## EXCERPTED RECORDS
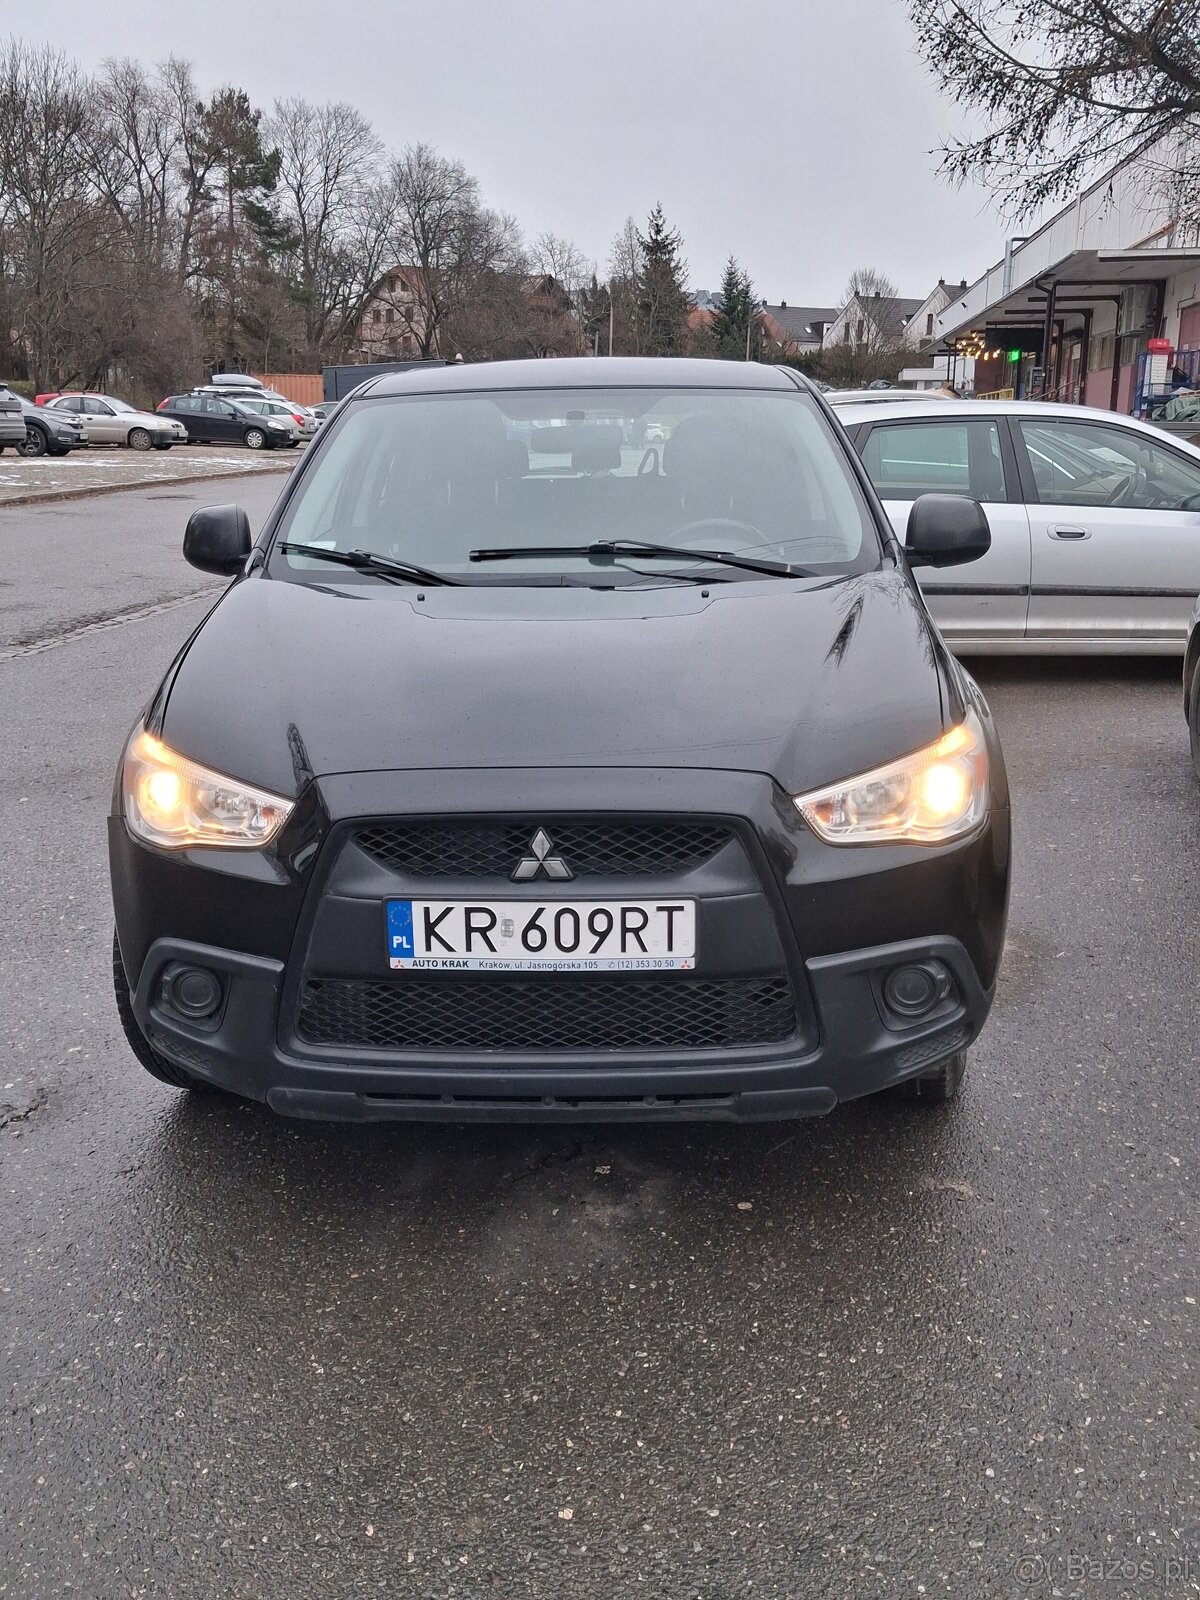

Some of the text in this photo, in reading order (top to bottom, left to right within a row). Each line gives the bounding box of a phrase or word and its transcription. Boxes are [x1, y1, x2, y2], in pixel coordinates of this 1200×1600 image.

[423, 905, 685, 954] KR 609RT
[392, 935, 411, 949] PL
[412, 960, 439, 968] AUTO
[441, 960, 470, 968] KRAK
[514, 960, 525, 969] ul.
[584, 961, 598, 969] 105
[617, 960, 633, 969] (12)
[635, 960, 651, 968] 353
[652, 960, 662, 968] 30
[664, 960, 675, 968] 50

## WHAT THIS TASK INVOLVES
Give back every record exactly. Omit the pictures.

## ANSWER TO THE PROBLEM
Some of the text in this photo, in reading order (top to bottom, left to right within a row). Each line gives the bounding box of a phrase or word and its transcription. Boxes are [x1, y1, x2, y2], in pixel coordinates of this 1200×1600 image.

[423, 905, 685, 954] KR 609RT
[392, 935, 411, 949] PL
[412, 960, 439, 968] AUTO
[441, 960, 470, 968] KRAK
[514, 960, 525, 969] ul.
[584, 961, 598, 969] 105
[617, 960, 633, 969] (12)
[635, 960, 651, 968] 353
[652, 960, 662, 968] 30
[664, 960, 675, 968] 50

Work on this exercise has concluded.